> TASK DETAILS: In your copy, include every entry exactly as written but no pictures.

Text-to-region grounding data:
*****

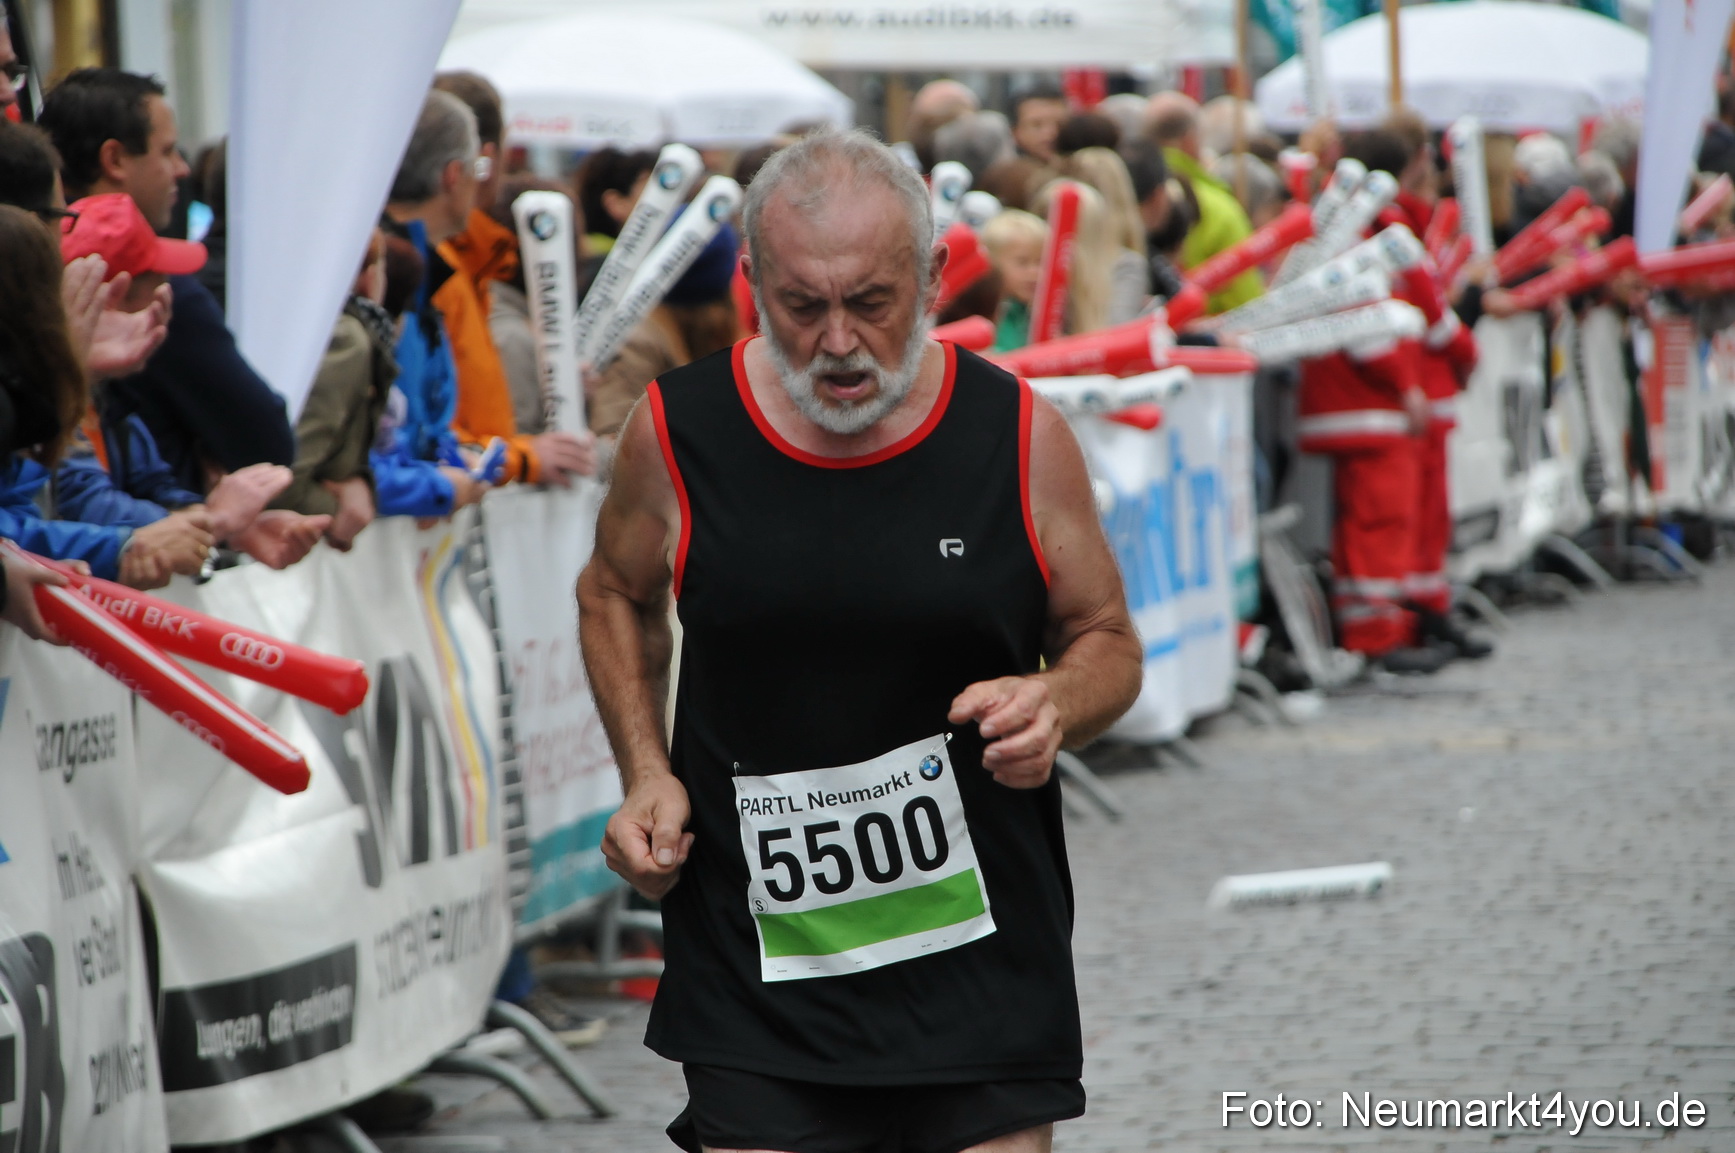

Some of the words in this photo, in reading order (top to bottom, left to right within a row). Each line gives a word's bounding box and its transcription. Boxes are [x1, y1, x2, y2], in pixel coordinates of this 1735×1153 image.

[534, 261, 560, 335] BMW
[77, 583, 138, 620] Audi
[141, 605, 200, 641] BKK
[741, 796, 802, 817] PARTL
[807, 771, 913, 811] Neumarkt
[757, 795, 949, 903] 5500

*****

> RESULT OF THIS EXERCISE:
Some of the words in this photo, in reading order (top to bottom, left to right within a row). Each line gives a word's bounding box and its transcription. Boxes are [x1, y1, x2, y2], in pixel coordinates of this 1735×1153 image.

[534, 261, 560, 335] BMW
[77, 583, 138, 620] Audi
[141, 605, 200, 641] BKK
[741, 796, 802, 817] PARTL
[807, 771, 913, 811] Neumarkt
[757, 795, 949, 903] 5500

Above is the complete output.